Step 1: Understanding the Topic:
This problem is from "Magnetic Effects of Current." It covers two fundamental concepts: the magnetic field produced by a circular current loop at its center and the definition of magnetic dipole moment for a coil. A current-carrying coil acts as a magnet, and these equations quantify its strength.
Step 2: Key Formulas and Approach:
Magnetic field at the center of a coil: $B = \frac{\mu_0 N I}{2r}$.
Magnetic moment of a coil: $M = N \cdot I \cdot A$.
Area of a circular coil: $A = \pi r^2$.
Step 3: Detailed Explanation:
Identify given values: $N = 100$, $r = 5 \text{ cm} = 0.05 \text{ m}$, and $B = 3.14 \times 10^{-3} \text{ T}$ (Note that $3.14 \approx \pi$).

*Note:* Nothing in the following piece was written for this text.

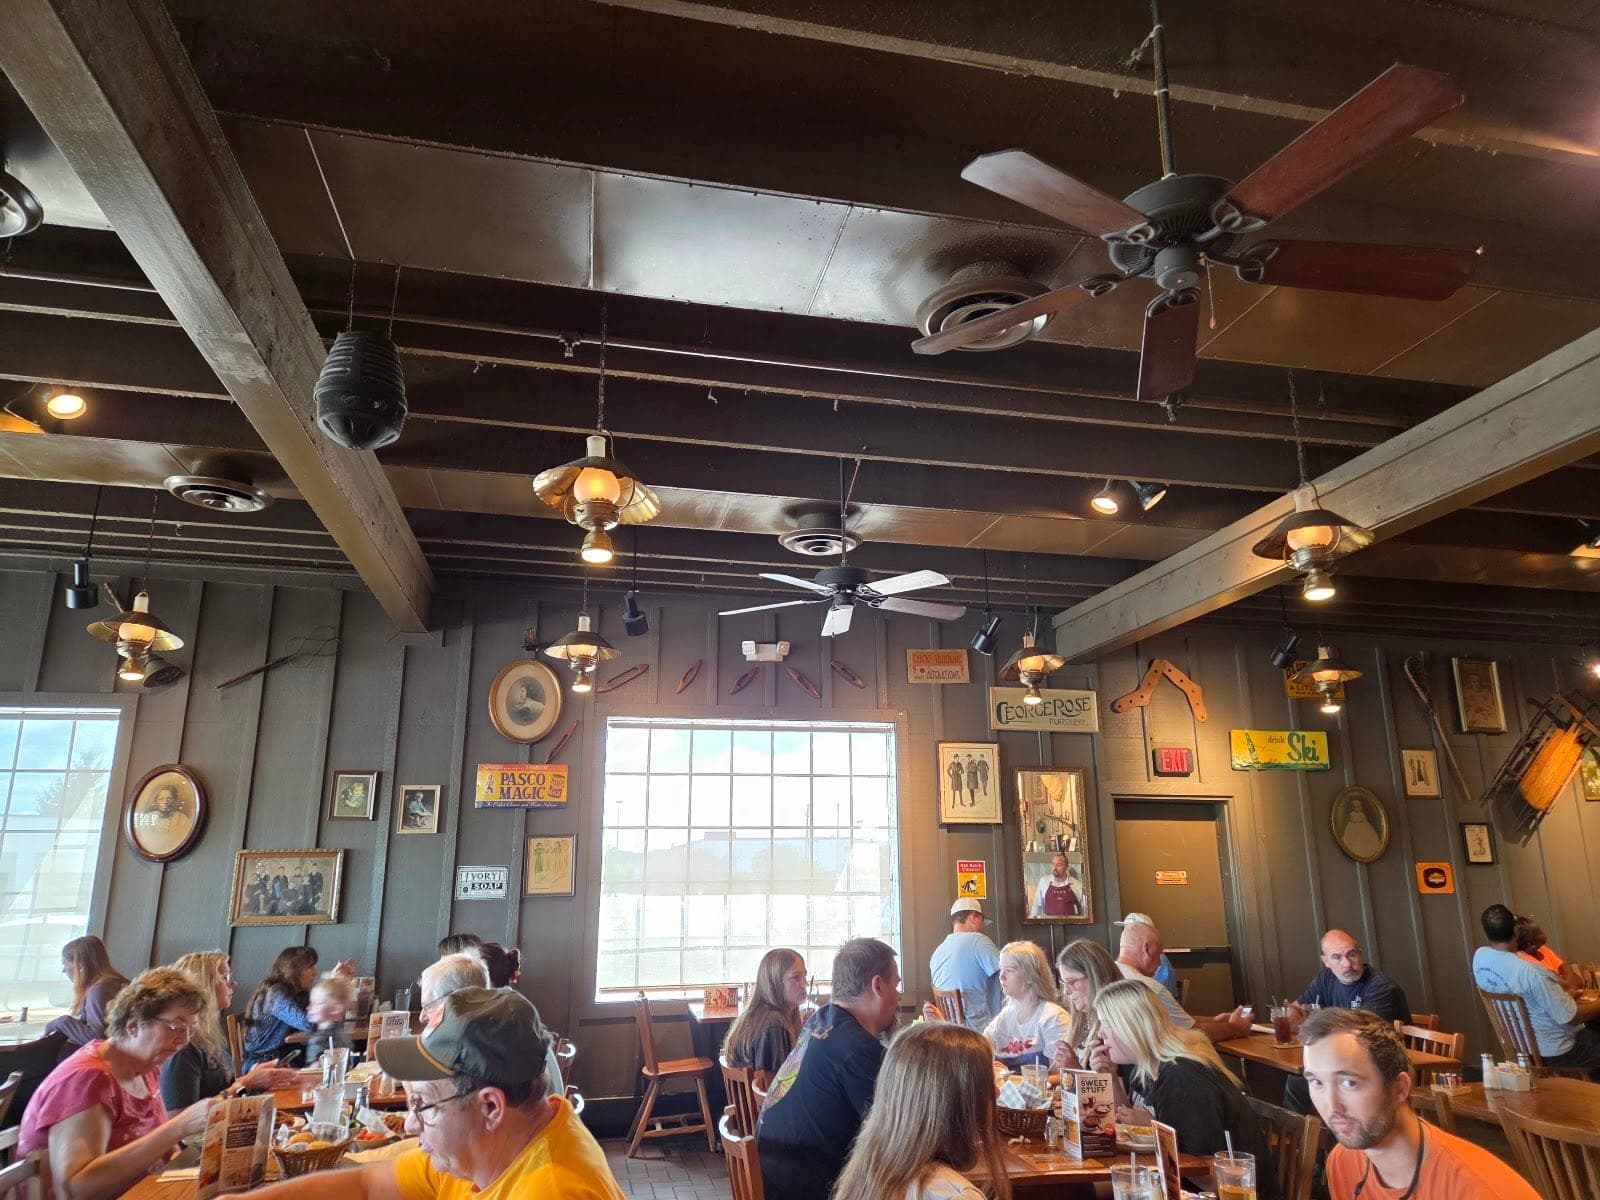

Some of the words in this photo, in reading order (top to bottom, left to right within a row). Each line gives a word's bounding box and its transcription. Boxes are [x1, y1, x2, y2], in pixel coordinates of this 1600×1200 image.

Find Current ($I$): Rearrange the field formula:
\[ I = \frac{2 \cdot r \cdot B}{\mu_0 \cdot N} \]
\[ I = \frac{2 \times 0.05 \times (\pi \times 10^{-3})}{4\pi \times 10^{-7} \times 100} \]
The $\pi$ cancels out:
\[ I = \frac{0.1 \times 10^{-3}}{4 \times 10^{-5}} = \frac{10^{-4}}{4 \times 10^{-5}} = \frac{10}{4} = 2.5 \text{ A} \]
Find Magnetic Moment ($M$):
First, calculate Area: $A = \pi \times (0.05)^2 = 3.14 \times 0.0025 = 0.00785 \text{ m}^2$.
Then, $M = 100 \times 2.5 \times 0.00785 = 250 \times 0.00785$.
$M = 1.9625 \text{ A m}^2 \approx 2 \text{ A m}^2$.
Thus, the current is 2.5 A and the moment is 2 units.
Step 4: Final Answer:
The current flowing is 2.5 A and the magnetic moment is 2 A m².